Moore has compared his relationship with Fisher to a marriage (with the music being the offspring), and he said the collaborative problems with Fishbone are between the two primary creative forces “first and foremost.”

Moore admitted that he’s sometimes frustrated with how slowly things move for the band, and that he’s considered leaving Fishbone. “I have those thoughts running through my head,” he said. “It’s only gotten us to a certain level.”

Yet the music keeps him with the band, and it gives him a platform for his solo endeavors – music, comic books, and T-shirts under his Dr. Madd Vibe alter ego.

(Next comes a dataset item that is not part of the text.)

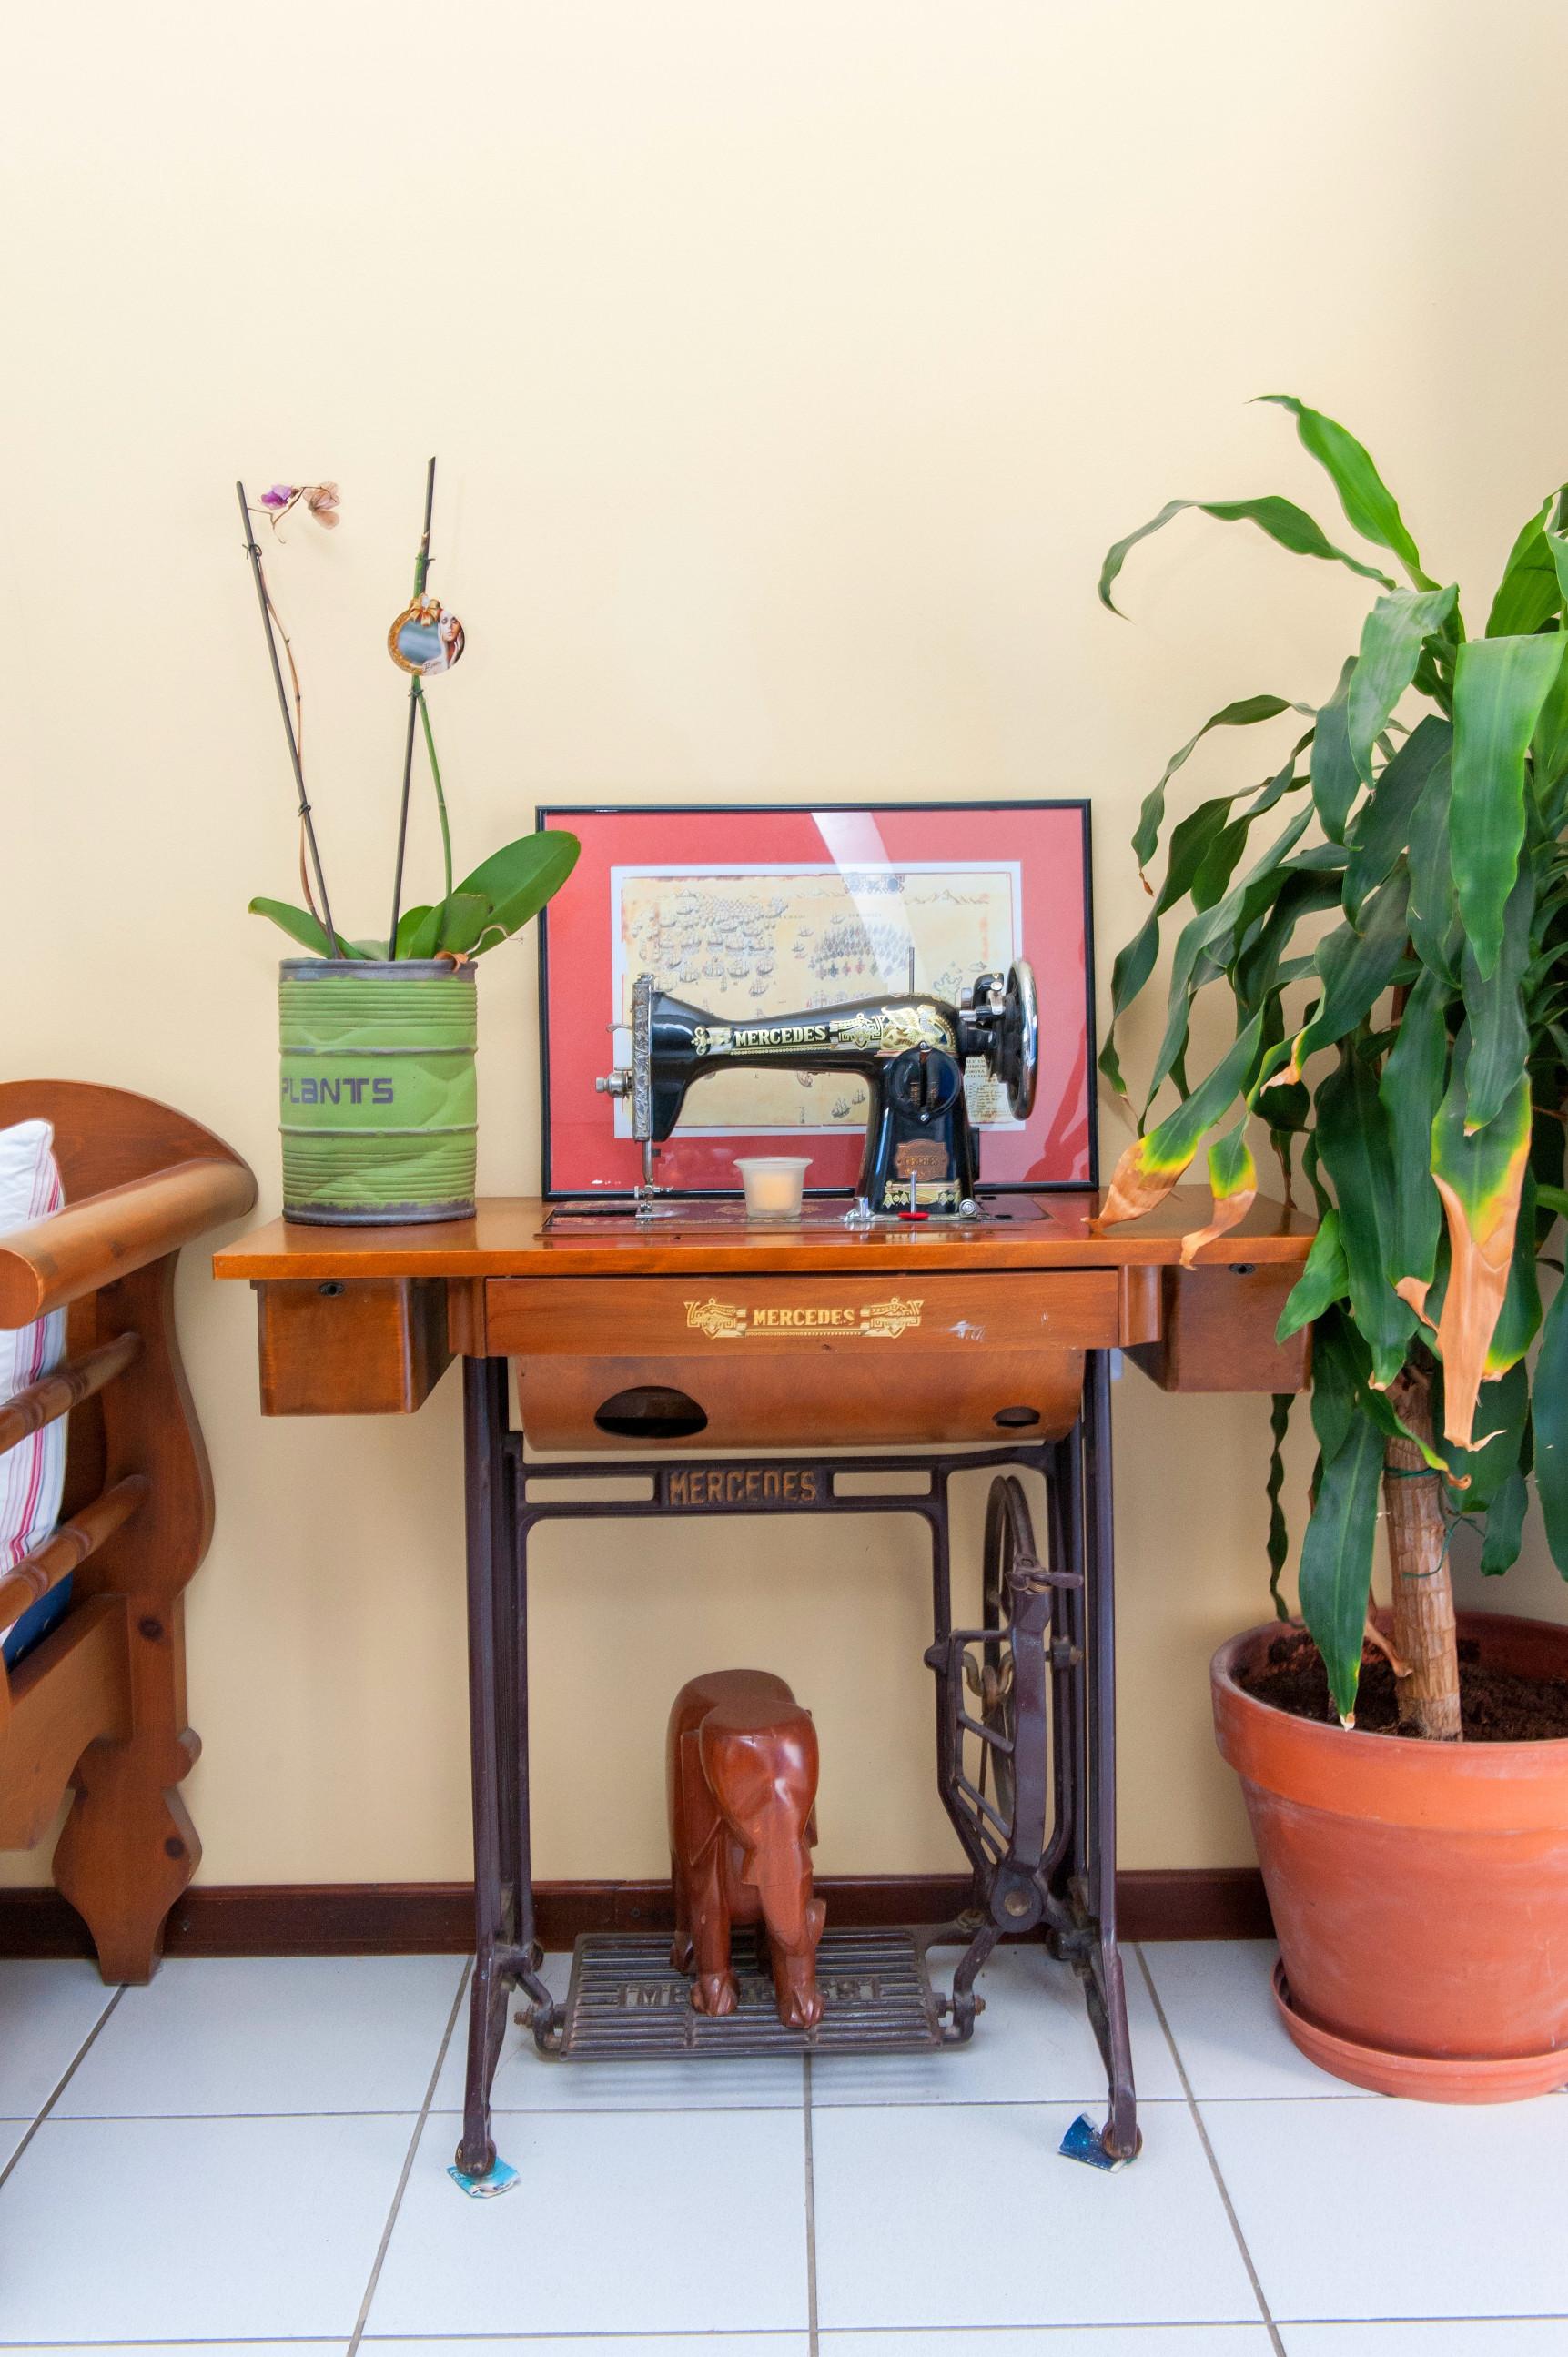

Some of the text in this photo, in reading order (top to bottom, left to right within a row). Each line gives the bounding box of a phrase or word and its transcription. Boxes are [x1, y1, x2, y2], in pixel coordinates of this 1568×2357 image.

Moore compared the strife in his band to George Clinton’s Funkadelic: Both have produced good music with a considerable legacy, despite the problems within them.

And he sounded resigned, saying that conflict is “part of the DNA of Fisbhone” and “one of the driving forces.”

But he was quick to add: “If it wasn’t there, Fishbone would be able to move along a lot faster.”

Fishbone will perform on Saturday, March 12, at RIBCO (1815 Second Avenue in Rock Island). The show starts at 9:30 p.m., and the bill also includes Heatbox Tickets are $15 in advance and $20 the day of the show and are available from RIBCO.com, or at the club, Co-Op Records, and Ragged Records.